Brief: Write out all entries word for word.

Source information:
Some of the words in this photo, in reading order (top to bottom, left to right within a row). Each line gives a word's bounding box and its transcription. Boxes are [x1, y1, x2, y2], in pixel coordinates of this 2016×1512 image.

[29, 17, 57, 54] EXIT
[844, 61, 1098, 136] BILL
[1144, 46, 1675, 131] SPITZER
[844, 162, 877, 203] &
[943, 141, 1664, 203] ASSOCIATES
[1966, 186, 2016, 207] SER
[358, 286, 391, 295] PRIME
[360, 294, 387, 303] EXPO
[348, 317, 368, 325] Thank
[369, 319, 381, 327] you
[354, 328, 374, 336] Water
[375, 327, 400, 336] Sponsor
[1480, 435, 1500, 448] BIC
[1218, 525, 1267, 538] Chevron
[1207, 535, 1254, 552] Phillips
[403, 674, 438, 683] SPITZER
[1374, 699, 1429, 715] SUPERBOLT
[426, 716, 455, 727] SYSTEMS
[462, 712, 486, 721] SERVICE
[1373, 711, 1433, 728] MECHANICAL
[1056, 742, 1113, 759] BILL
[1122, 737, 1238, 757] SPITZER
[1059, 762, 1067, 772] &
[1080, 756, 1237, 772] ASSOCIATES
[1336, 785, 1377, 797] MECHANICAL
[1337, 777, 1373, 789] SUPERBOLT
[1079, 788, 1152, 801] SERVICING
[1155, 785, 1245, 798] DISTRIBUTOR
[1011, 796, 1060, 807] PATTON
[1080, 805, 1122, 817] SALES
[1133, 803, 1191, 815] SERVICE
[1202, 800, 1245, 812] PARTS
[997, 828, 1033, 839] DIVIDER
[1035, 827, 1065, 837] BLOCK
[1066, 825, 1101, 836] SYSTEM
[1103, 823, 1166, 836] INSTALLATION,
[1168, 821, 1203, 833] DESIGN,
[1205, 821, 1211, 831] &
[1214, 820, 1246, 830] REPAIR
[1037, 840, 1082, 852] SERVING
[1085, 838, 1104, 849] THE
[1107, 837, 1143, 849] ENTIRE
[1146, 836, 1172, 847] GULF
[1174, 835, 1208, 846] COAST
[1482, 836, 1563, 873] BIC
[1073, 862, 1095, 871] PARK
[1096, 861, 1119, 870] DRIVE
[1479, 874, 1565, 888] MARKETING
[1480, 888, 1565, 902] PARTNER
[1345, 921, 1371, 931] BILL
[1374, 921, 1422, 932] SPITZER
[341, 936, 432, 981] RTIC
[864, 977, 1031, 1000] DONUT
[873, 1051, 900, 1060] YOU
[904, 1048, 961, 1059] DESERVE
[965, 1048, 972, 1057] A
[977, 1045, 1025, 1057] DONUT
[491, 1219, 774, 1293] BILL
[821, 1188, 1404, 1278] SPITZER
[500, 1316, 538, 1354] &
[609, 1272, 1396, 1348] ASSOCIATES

The completed task:
Some of the words in this photo, in reading order (top to bottom, left to right within a row). Each line gives a word's bounding box and its transcription. Boxes are [x1, y1, x2, y2], in pixel coordinates of this 2016×1512 image.

[29, 17, 57, 54] EXIT
[844, 61, 1098, 136] BILL
[1144, 46, 1675, 131] SPITZER
[844, 162, 877, 203] &
[943, 141, 1664, 203] ASSOCIATES
[1966, 186, 2016, 207] SER
[358, 286, 391, 295] PRIME
[360, 294, 387, 303] EXPO
[348, 317, 368, 325] Thank
[369, 319, 381, 327] you
[354, 328, 374, 336] Water
[375, 327, 400, 336] Sponsor
[1480, 435, 1500, 448] BIC
[1218, 525, 1267, 538] Chevron
[1207, 535, 1254, 552] Phillips
[403, 674, 438, 683] SPITZER
[1374, 699, 1429, 715] SUPERBOLT
[426, 716, 455, 727] SYSTEMS
[462, 712, 486, 721] SERVICE
[1373, 711, 1433, 728] MECHANICAL
[1056, 742, 1113, 759] BILL
[1122, 737, 1238, 757] SPITZER
[1059, 762, 1067, 772] &
[1080, 756, 1237, 772] ASSOCIATES
[1336, 785, 1377, 797] MECHANICAL
[1337, 777, 1373, 789] SUPERBOLT
[1079, 788, 1152, 801] SERVICING
[1155, 785, 1245, 798] DISTRIBUTOR
[1011, 796, 1060, 807] PATTON
[1080, 805, 1122, 817] SALES
[1133, 803, 1191, 815] SERVICE
[1202, 800, 1245, 812] PARTS
[997, 828, 1033, 839] DIVIDER
[1035, 827, 1065, 837] BLOCK
[1066, 825, 1101, 836] SYSTEM
[1103, 823, 1166, 836] INSTALLATION,
[1168, 821, 1203, 833] DESIGN,
[1205, 821, 1211, 831] &
[1214, 820, 1246, 830] REPAIR
[1037, 840, 1082, 852] SERVING
[1085, 838, 1104, 849] THE
[1107, 837, 1143, 849] ENTIRE
[1146, 836, 1172, 847] GULF
[1174, 835, 1208, 846] COAST
[1482, 836, 1563, 873] BIC
[1073, 862, 1095, 871] PARK
[1096, 861, 1119, 870] DRIVE
[1479, 874, 1565, 888] MARKETING
[1480, 888, 1565, 902] PARTNER
[1345, 921, 1371, 931] BILL
[1374, 921, 1422, 932] SPITZER
[341, 936, 432, 981] RTIC
[864, 977, 1031, 1000] DONUT
[873, 1051, 900, 1060] YOU
[904, 1048, 961, 1059] DESERVE
[965, 1048, 972, 1057] A
[977, 1045, 1025, 1057] DONUT
[491, 1219, 774, 1293] BILL
[821, 1188, 1404, 1278] SPITZER
[500, 1316, 538, 1354] &
[609, 1272, 1396, 1348] ASSOCIATES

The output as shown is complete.